In chat with Scope, Diego Martínez Burzacocountry head of Inviu Argentinaanalyzed part of the document and concluded that there are several factors “clue” to consider in that context. First, he slides Trump’s trade policy, which includes the implementation of tariff barriers. This situation, similar to that experienced during his previous mandate, “generates notable tension and volatility in financial markets“.
“In second place, a possible SEC resolution must be taken into account (US Securities and Exchange Commission) that could lead to the delisting of Chinese stocks due to the lack of transparency and inconsistency in the presentation of balance sheets,” warns Martínez Burzácoin relation to the standards required by the regulator for these shares to be listed on Wall Street.

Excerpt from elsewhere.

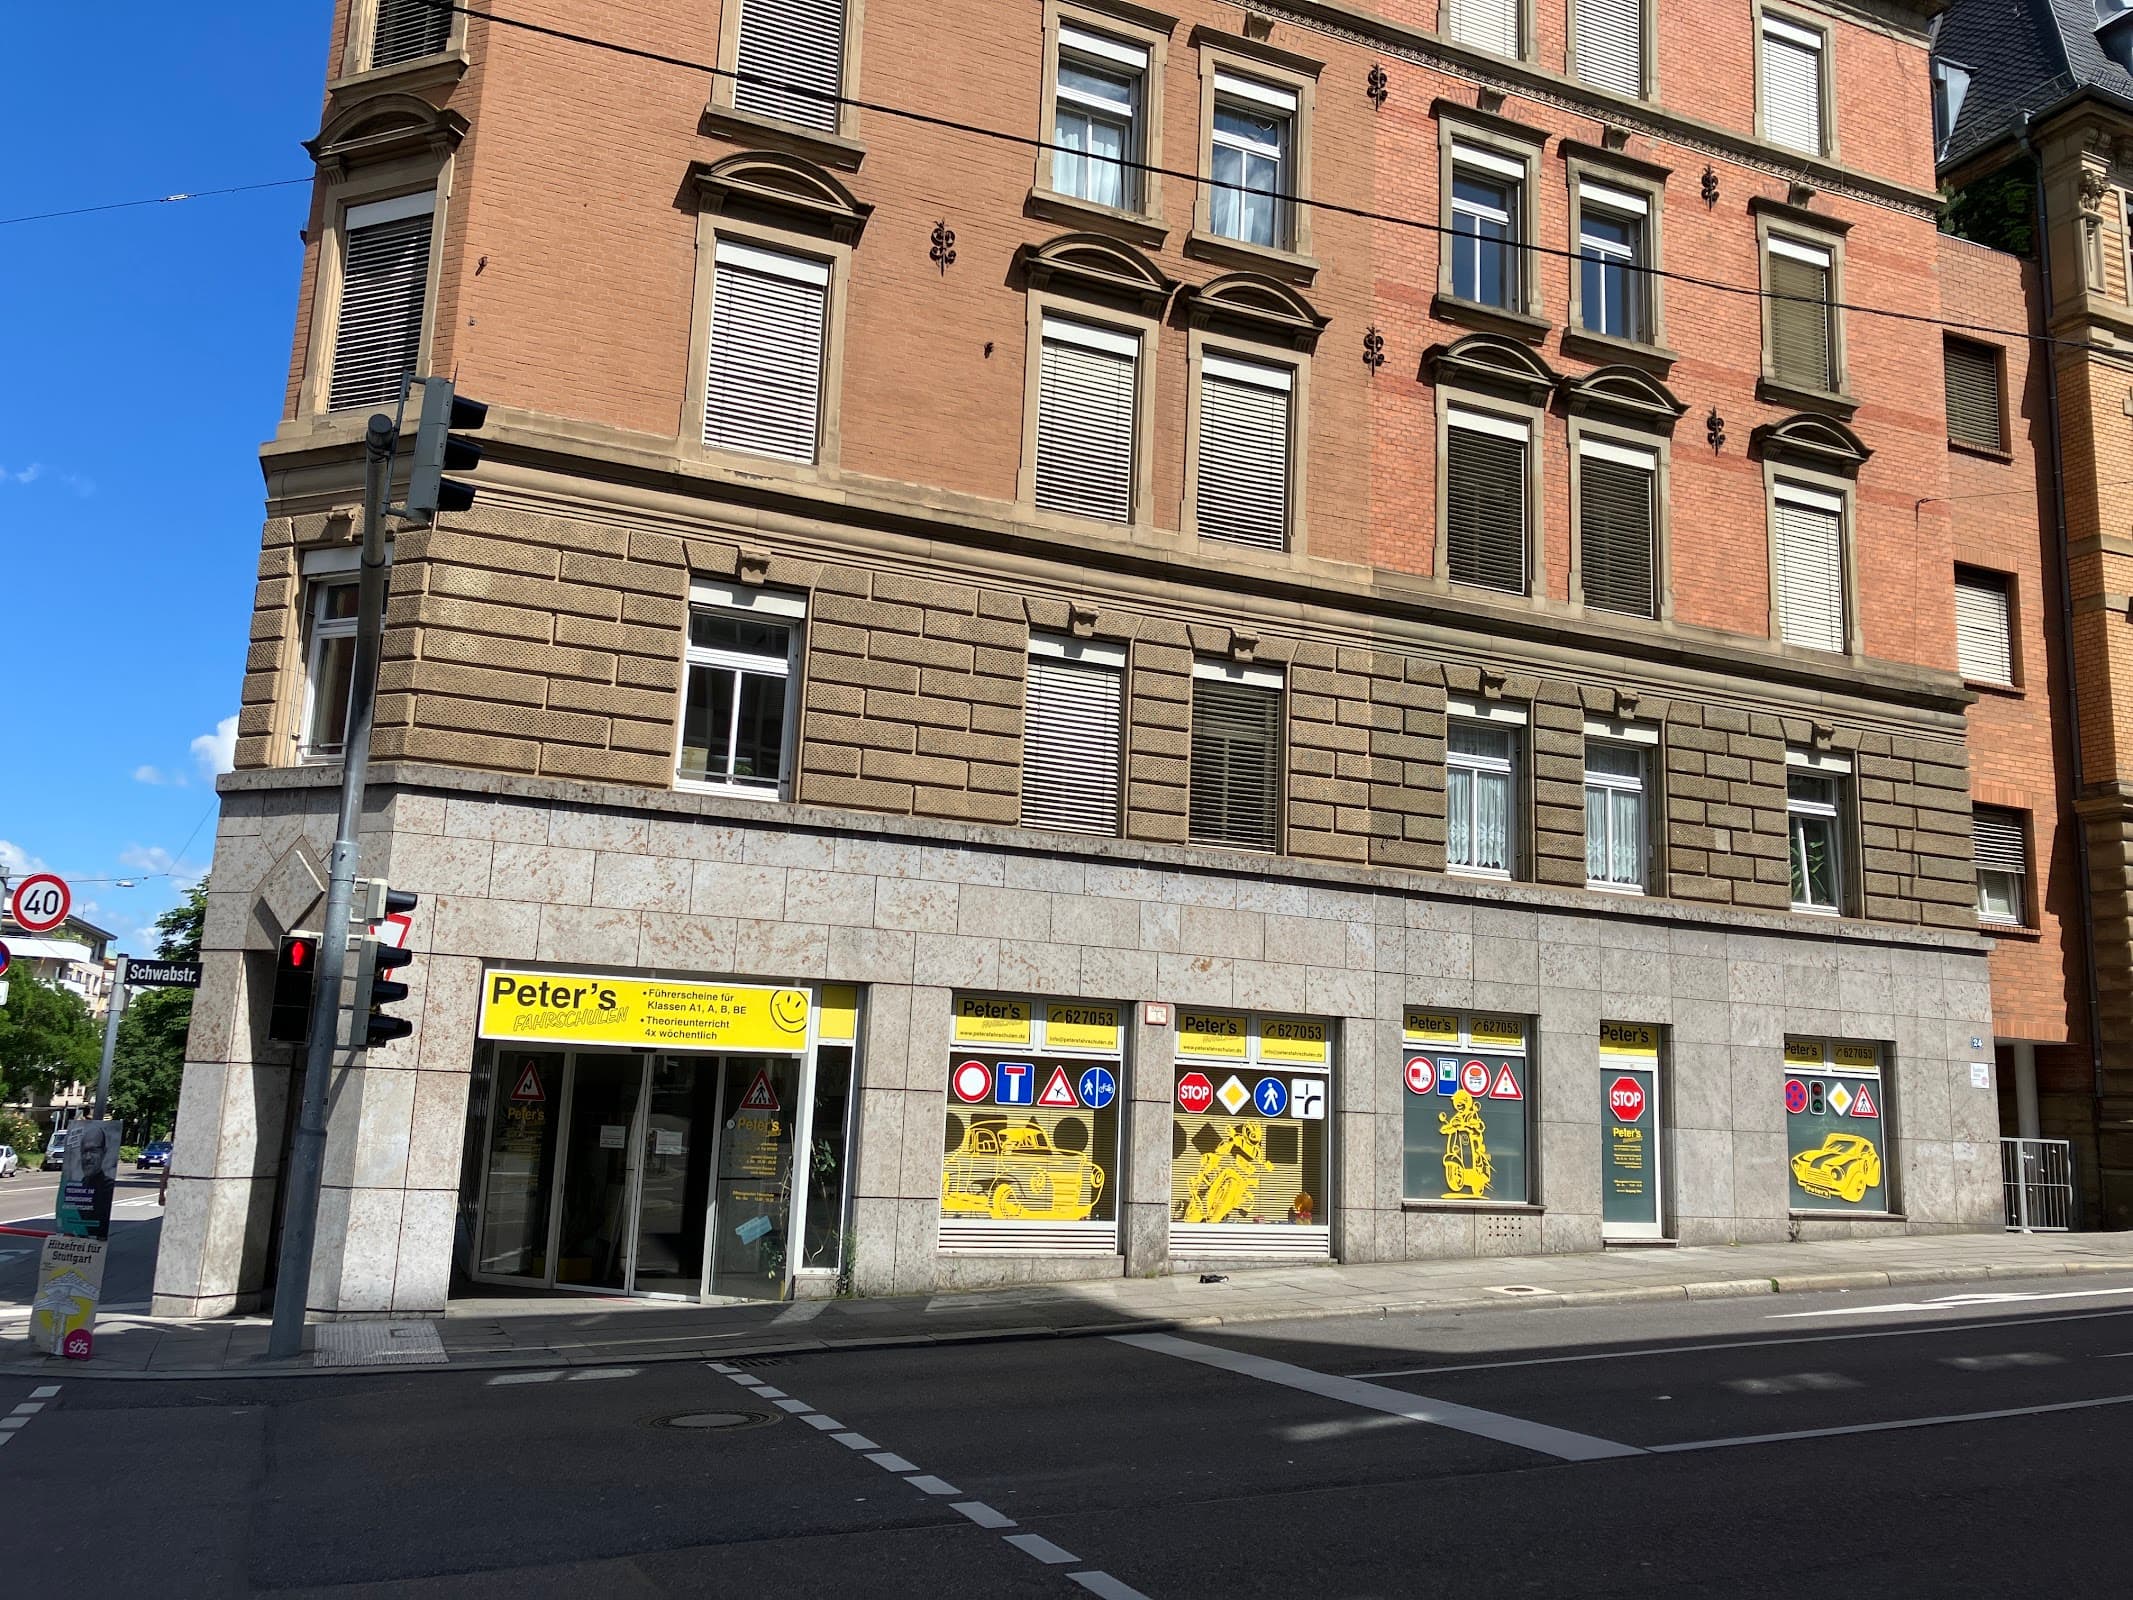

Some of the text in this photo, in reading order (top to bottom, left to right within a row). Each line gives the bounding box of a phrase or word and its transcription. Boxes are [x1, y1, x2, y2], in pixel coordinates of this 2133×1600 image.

Finally, the strategist suggests that it is crucial to consider China’s internal dynamics. “In response to economic challenges, The Chinese government launched an aggressive plan of fiscal and monetary incentives to stimulate the recovery of its economy“, he comments, adding that “it will be interesting to see how this impacts the market.”
The analyst recalls that in the last five years, Chinese stocks suffered a significant outflow of funds, “although in the last two months they have shown a slight rebound.” This context, explains the expert, suggests that it is a situation that deserves careful attention. In addition, he does highlight that if Trump returns to the presidency, the world could face an increase in geopolitical risk, accompanied by a more belligerent discourse. Therefore, it concludes that China-related stocks and assets “are not suitable for all investors; are more appropriate for a small portion of the portfolio of those with a very high risk profile“.
Cedears: Chinese stocks in the local market
The best positioned stocks for this “good“moment of chinese equity They are those that have to do with consumption, such as: Alibaba (BABA), JD.com (JD), and perhaps electric vehicle maker NIO (NIO). Likewise, and given the weight that China has in the EEM, an alternative would be to use said vehicle (which Cedear has) to bet on the recovery of China and -eventually- Brazil.
Tencent Holdings (TCEHY) stock also has a large influence on the video game industry, and is also driving its growth through significant investments in artificial intelligence. With more favorable monetary conditions in China, this trend is likely to continue.
Emilse Cordobadirector of Bell Bursátill, recommends “in a small percentage of the portfolio and for risky investor profiles due to high volatility” adding Alibabá, Bidú and JD. Thus, for the most savvy investors, there may now be a window of opportunity amid attractive valuations and signs of stabilization in China. And although structural challenges in that economy, such as debt and deflation, persist, current policies appear to seek a clear path to recovery.